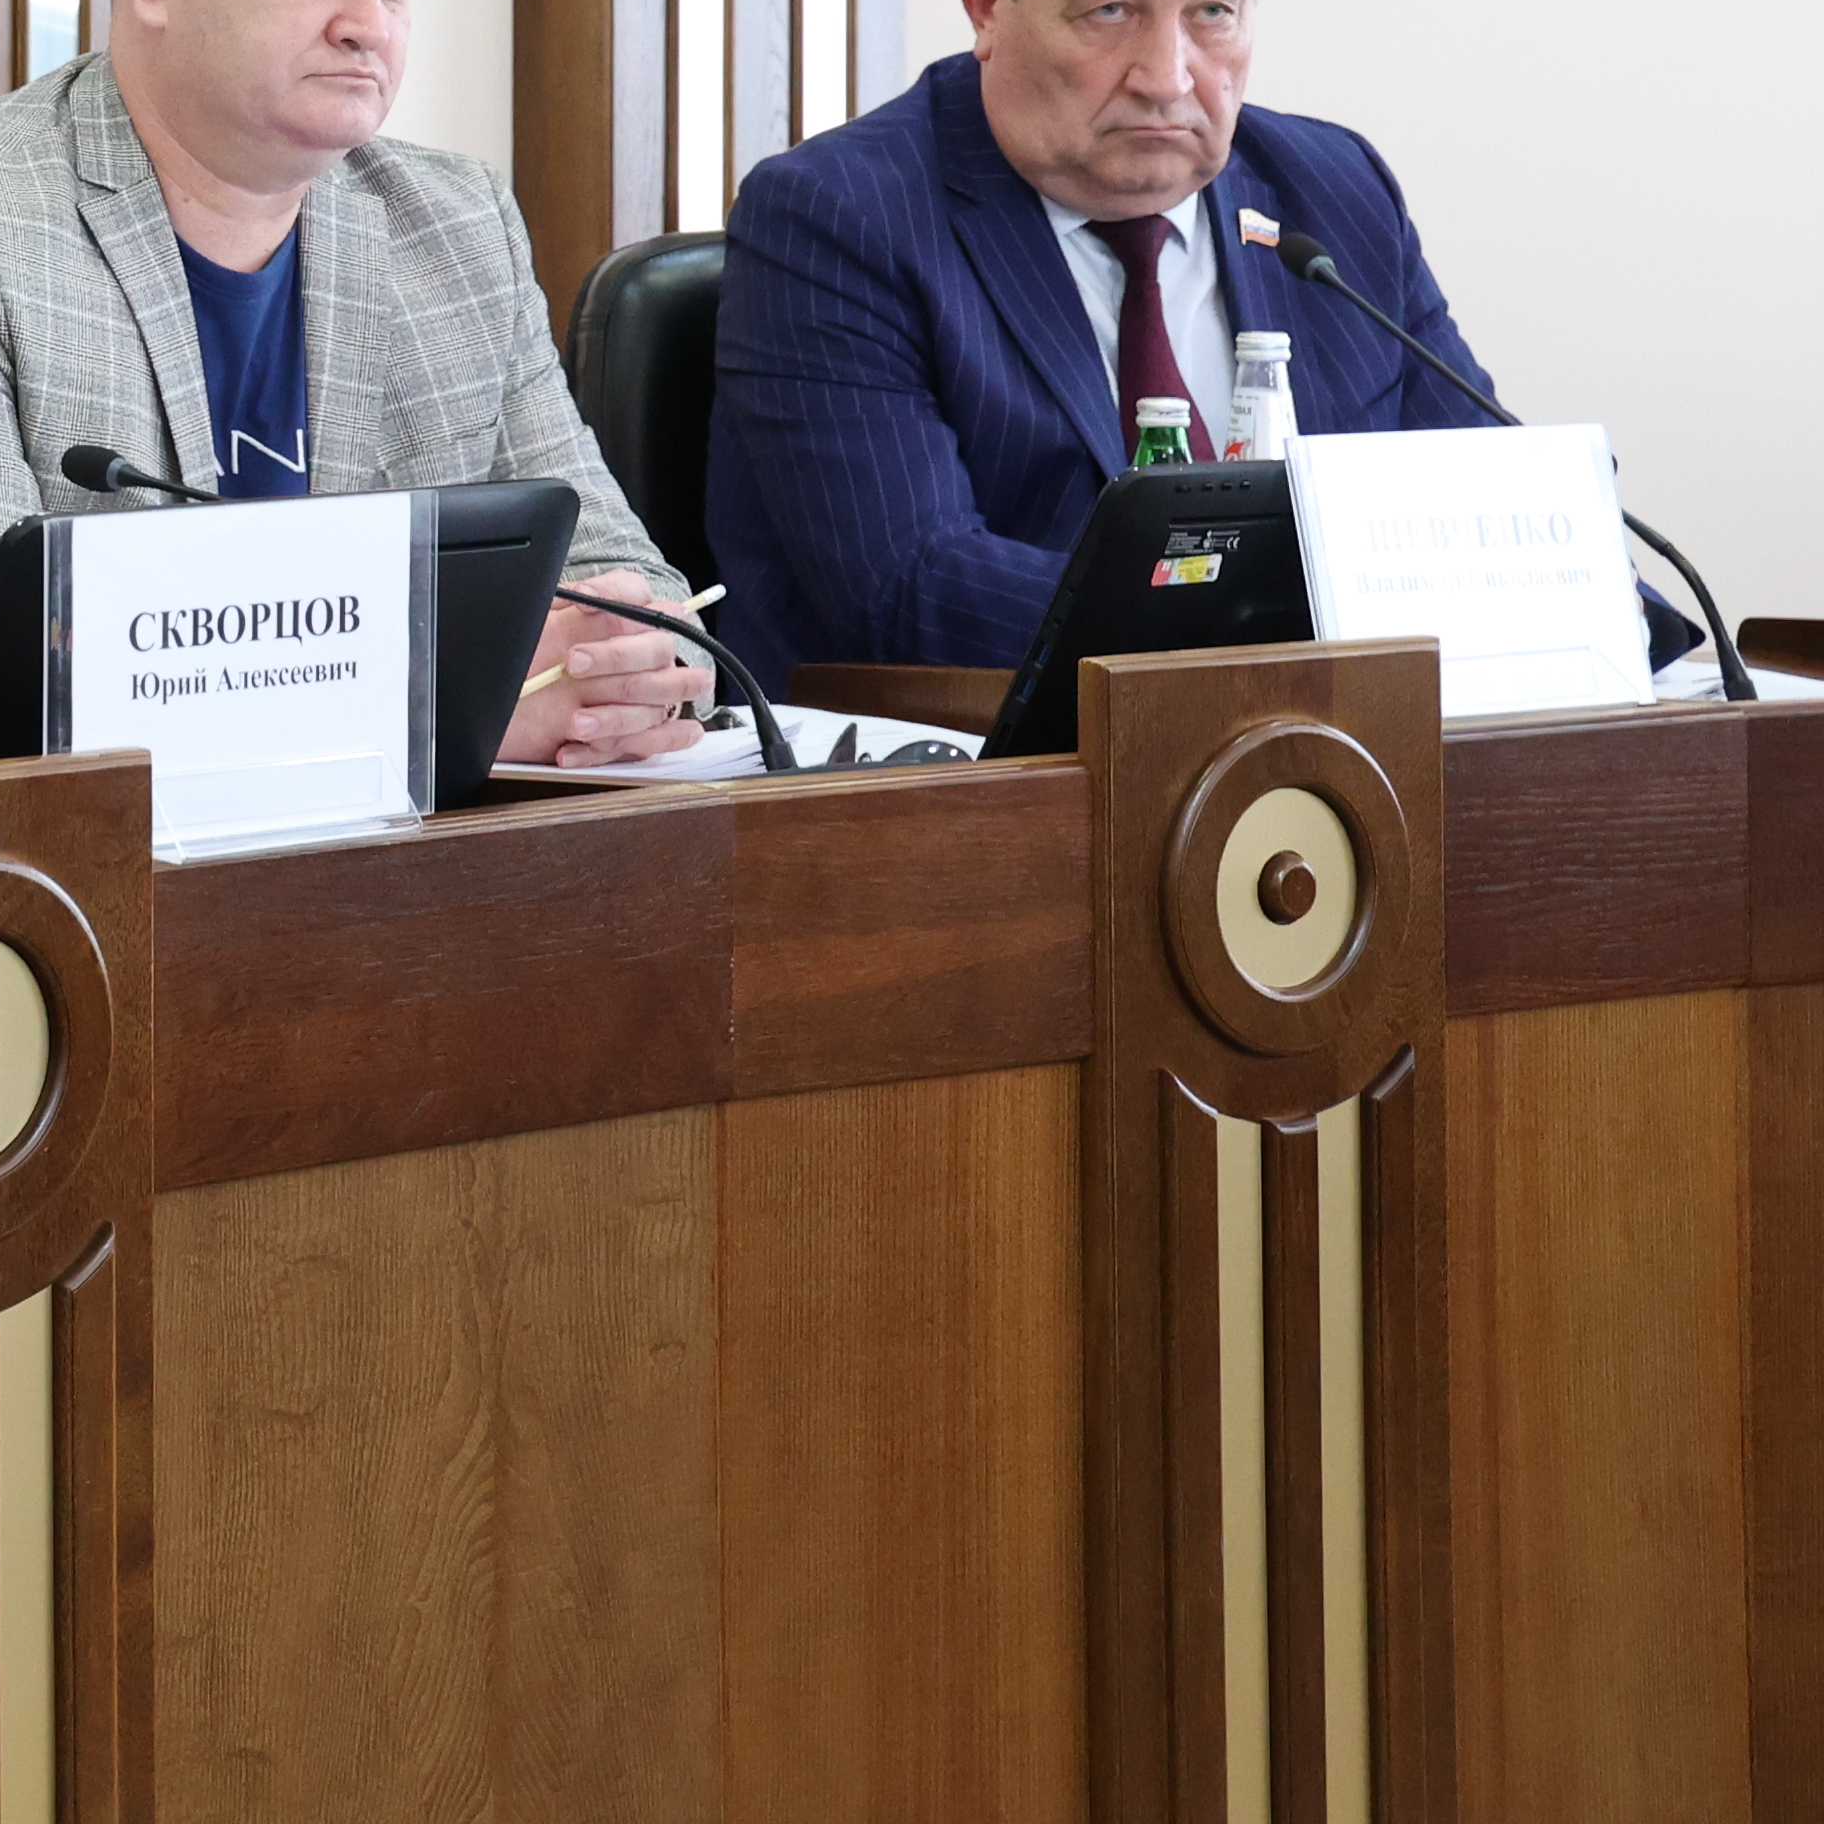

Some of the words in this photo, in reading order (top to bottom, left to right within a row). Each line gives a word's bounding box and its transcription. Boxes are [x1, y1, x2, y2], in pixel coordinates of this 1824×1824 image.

[214, 428, 306, 477] N
[128, 594, 361, 652] СКВОРЦОВ
[129, 667, 207, 706] Юрий
[215, 660, 358, 693] Алексеевич

--

## EXERCISE DESCRIPTION:
Could the material above be given again exactly, pictures excluded?

## RESULT OF THE TASK:
Some of the words in this photo, in reading order (top to bottom, left to right within a row). Each line gives a word's bounding box and its transcription. Boxes are [x1, y1, x2, y2], in pixel coordinates of this 1824×1824 image.

[214, 428, 306, 477] N
[128, 594, 361, 652] СКВОРЦОВ
[129, 667, 207, 706] Юрий
[215, 660, 358, 693] Алексеевич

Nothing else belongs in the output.